Data for analysis
★ ★ ★ ★
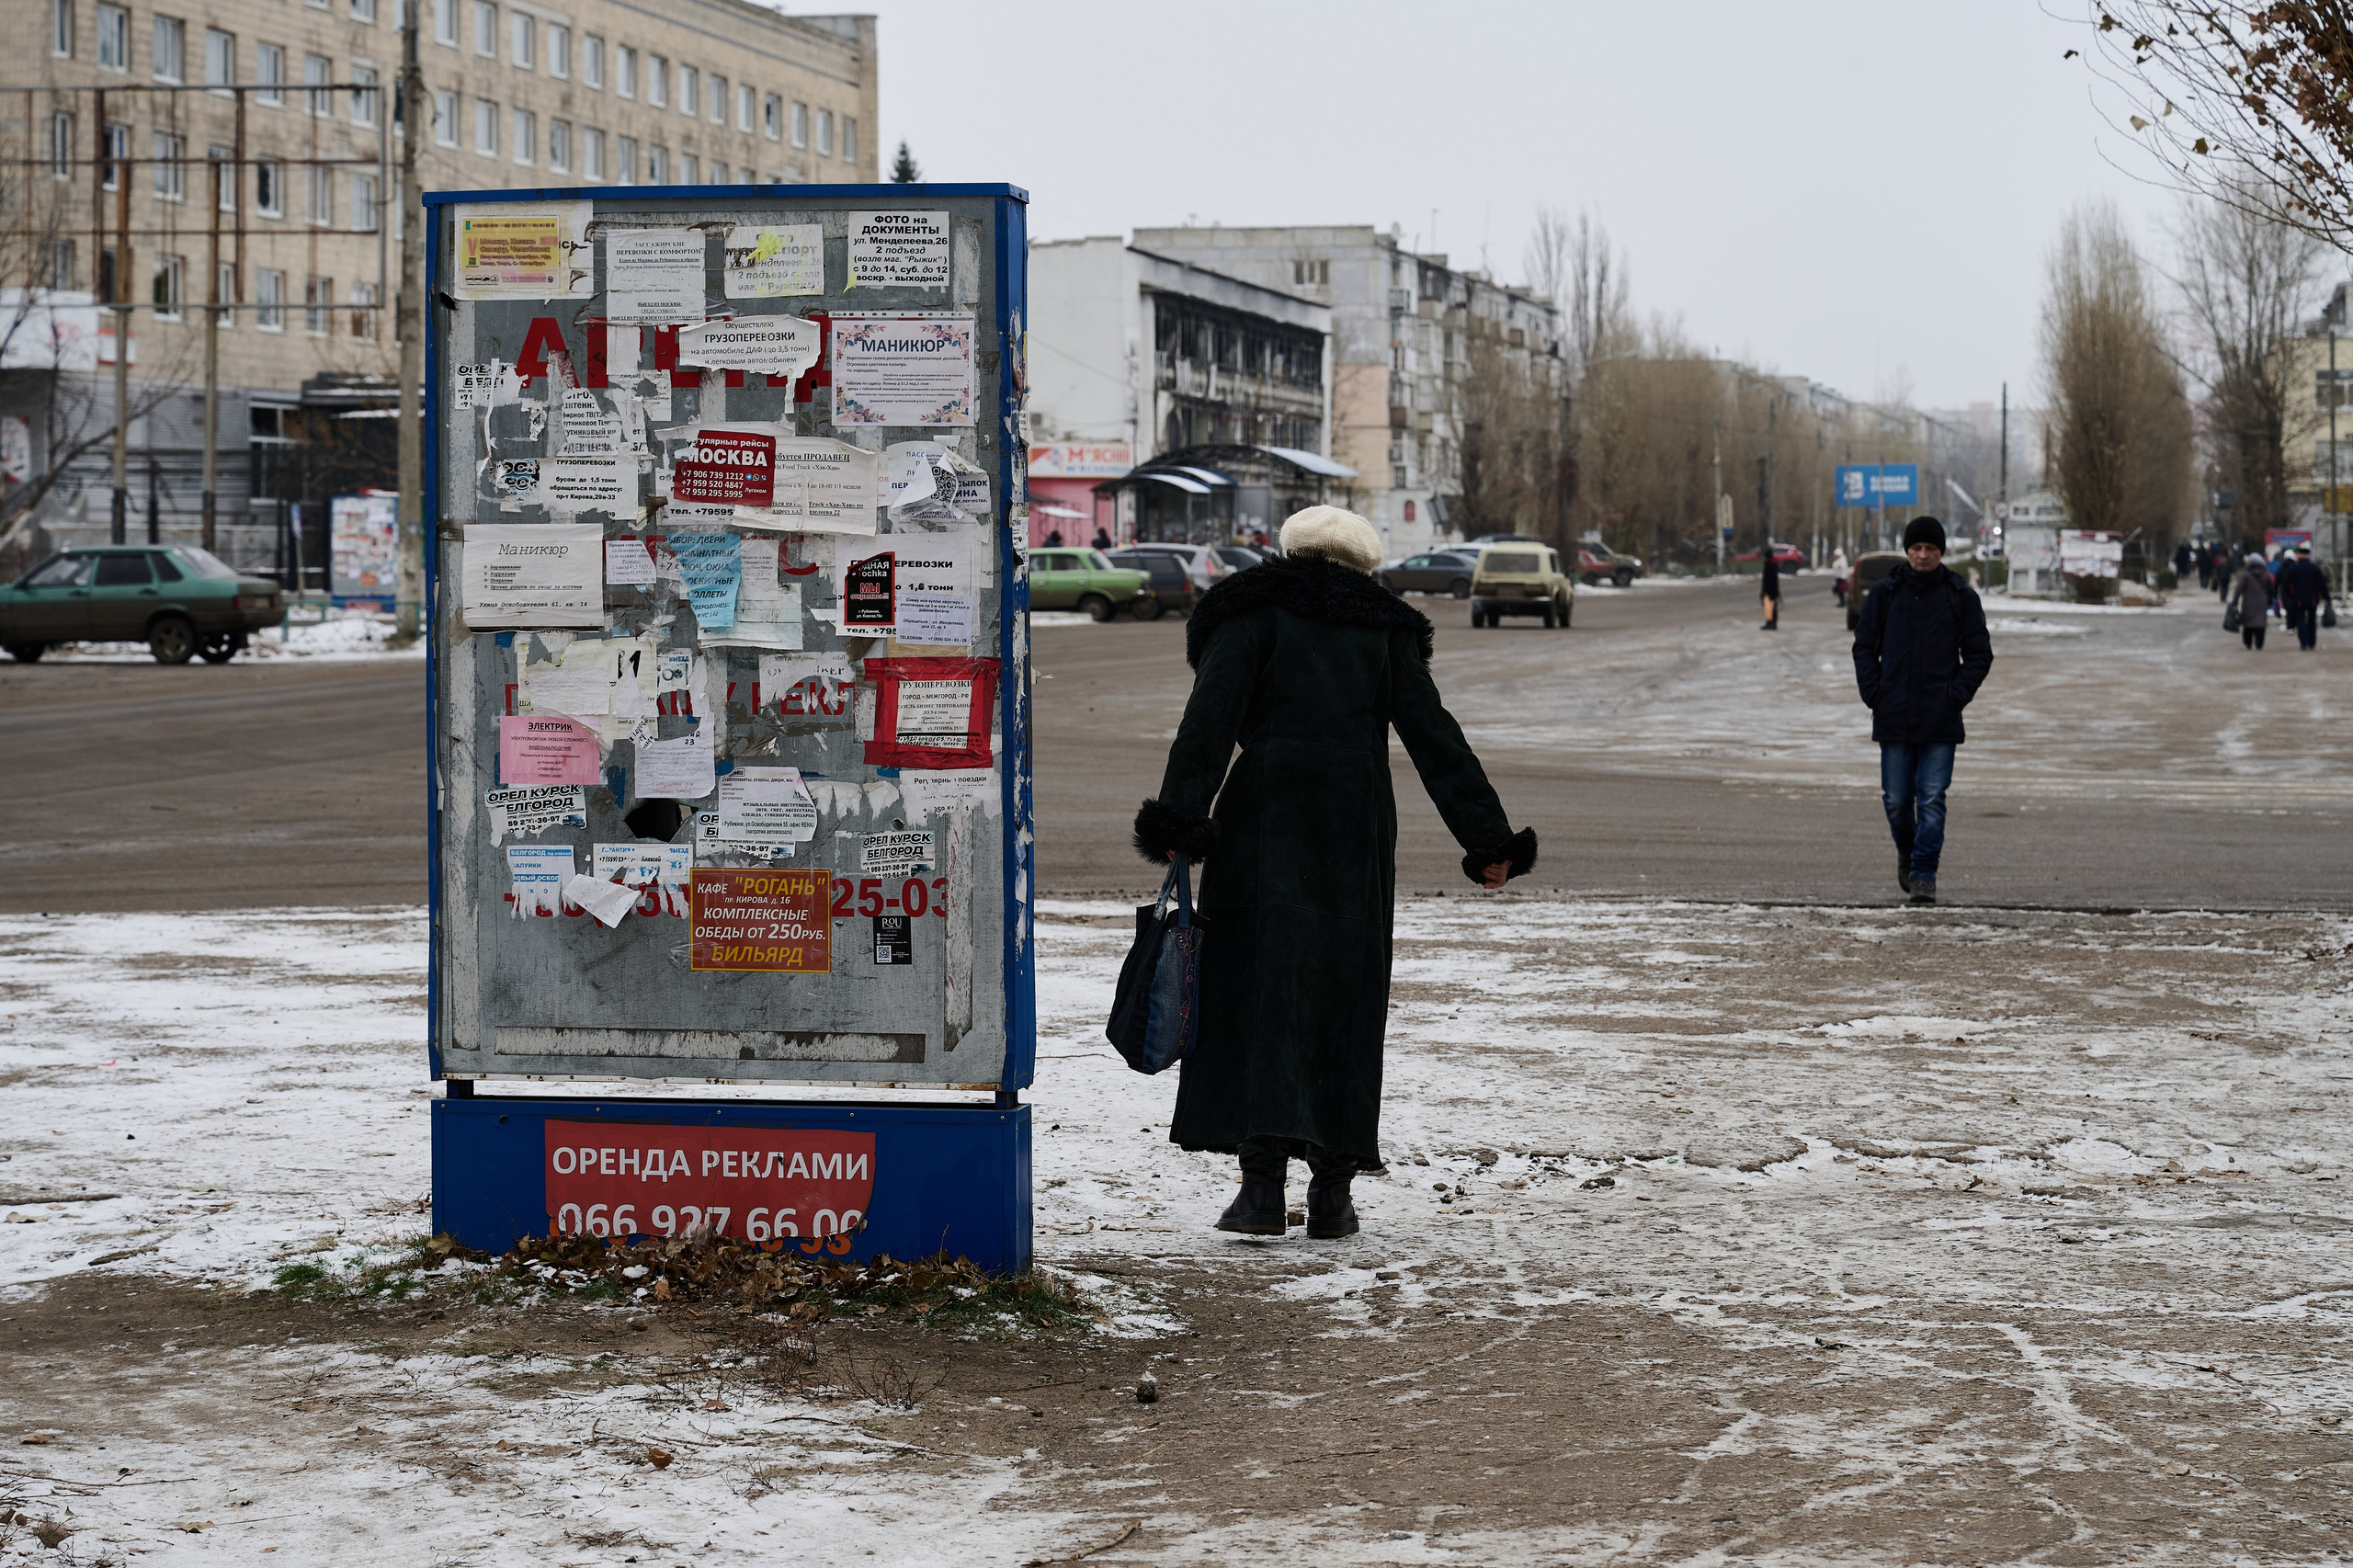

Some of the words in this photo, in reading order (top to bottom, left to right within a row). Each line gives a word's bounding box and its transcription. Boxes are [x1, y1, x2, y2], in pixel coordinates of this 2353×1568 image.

[874, 215, 910, 224] ФОТО
[862, 226, 939, 235] ДОКУМЕНТЫ
[853, 238, 867, 246] ул.
[885, 246, 926, 255] подъезд
[854, 256, 881, 264] (возле
[901, 266, 920, 275] суб.
[895, 275, 945, 283] выходной
[704, 332, 796, 344] ГРУЗОПЕРЕВОЗКИ
[746, 346, 763, 355] ДАФ
[778, 346, 789, 354] 3,5
[861, 339, 946, 353] МАНИКЮР
[741, 439, 769, 448] рейсы
[803, 452, 850, 462] ПРОДАВЕЦ
[693, 471, 708, 479] 906
[710, 471, 724, 479] 739
[726, 472, 745, 481] 1212
[692, 480, 708, 488] 959
[709, 480, 723, 488] 520
[708, 489, 722, 497] 295
[724, 489, 744, 498] 5995
[697, 536, 726, 545] ДВЕРИ
[498, 544, 569, 558] Маникюр
[860, 583, 881, 594] МЫ
[899, 680, 973, 688] ГРУЗОПЕРЕВОЗКИ
[528, 722, 574, 732] ЭЛЕКТРИК
[958, 776, 987, 784] поездки
[488, 790, 528, 804] ОРЕЛ
[529, 785, 582, 800] КУРСК
[890, 833, 933, 846] КУРСК
[867, 846, 925, 861] БЕЛГОРОД
[697, 882, 729, 894] КАФЕ
[735, 877, 825, 896] "РОГАНЬ"
[704, 908, 809, 921] КОМПЛЕКСНЫЕ
[695, 926, 744, 940] ОБЕДЫ
[747, 927, 766, 939] ОТ
[712, 945, 803, 967] БИЛЬЯРД
[552, 1147, 692, 1182] ОРЕНДА
[702, 1150, 869, 1181] РЕКЛАМИ
[559, 1202, 638, 1239] 066
[652, 1205, 731, 1240] 927
[746, 1207, 799, 1242] 66
★ ★ ★ ★
If a record holds a picture, leave the picture out, but copy everything else exactly.

Response below
Some of the words in this photo, in reading order (top to bottom, left to right within a row). Each line gives a word's bounding box and its transcription. Boxes are [x1, y1, x2, y2], in pixel coordinates of this 2353×1568 image.

[874, 215, 910, 224] ФОТО
[862, 226, 939, 235] ДОКУМЕНТЫ
[853, 238, 867, 246] ул.
[885, 246, 926, 255] подъезд
[854, 256, 881, 264] (возле
[901, 266, 920, 275] суб.
[895, 275, 945, 283] выходной
[704, 332, 796, 344] ГРУЗОПЕРЕВОЗКИ
[746, 346, 763, 355] ДАФ
[778, 346, 789, 354] 3,5
[861, 339, 946, 353] МАНИКЮР
[741, 439, 769, 448] рейсы
[803, 452, 850, 462] ПРОДАВЕЦ
[693, 471, 708, 479] 906
[710, 471, 724, 479] 739
[726, 472, 745, 481] 1212
[692, 480, 708, 488] 959
[709, 480, 723, 488] 520
[708, 489, 722, 497] 295
[724, 489, 744, 498] 5995
[697, 536, 726, 545] ДВЕРИ
[498, 544, 569, 558] Маникюр
[860, 583, 881, 594] МЫ
[899, 680, 973, 688] ГРУЗОПЕРЕВОЗКИ
[528, 722, 574, 732] ЭЛЕКТРИК
[958, 776, 987, 784] поездки
[488, 790, 528, 804] ОРЕЛ
[529, 785, 582, 800] КУРСК
[890, 833, 933, 846] КУРСК
[867, 846, 925, 861] БЕЛГОРОД
[697, 882, 729, 894] КАФЕ
[735, 877, 825, 896] "РОГАНЬ"
[704, 908, 809, 921] КОМПЛЕКСНЫЕ
[695, 926, 744, 940] ОБЕДЫ
[747, 927, 766, 939] ОТ
[712, 945, 803, 967] БИЛЬЯРД
[552, 1147, 692, 1182] ОРЕНДА
[702, 1150, 869, 1181] РЕКЛАМИ
[559, 1202, 638, 1239] 066
[652, 1205, 731, 1240] 927
[746, 1207, 799, 1242] 66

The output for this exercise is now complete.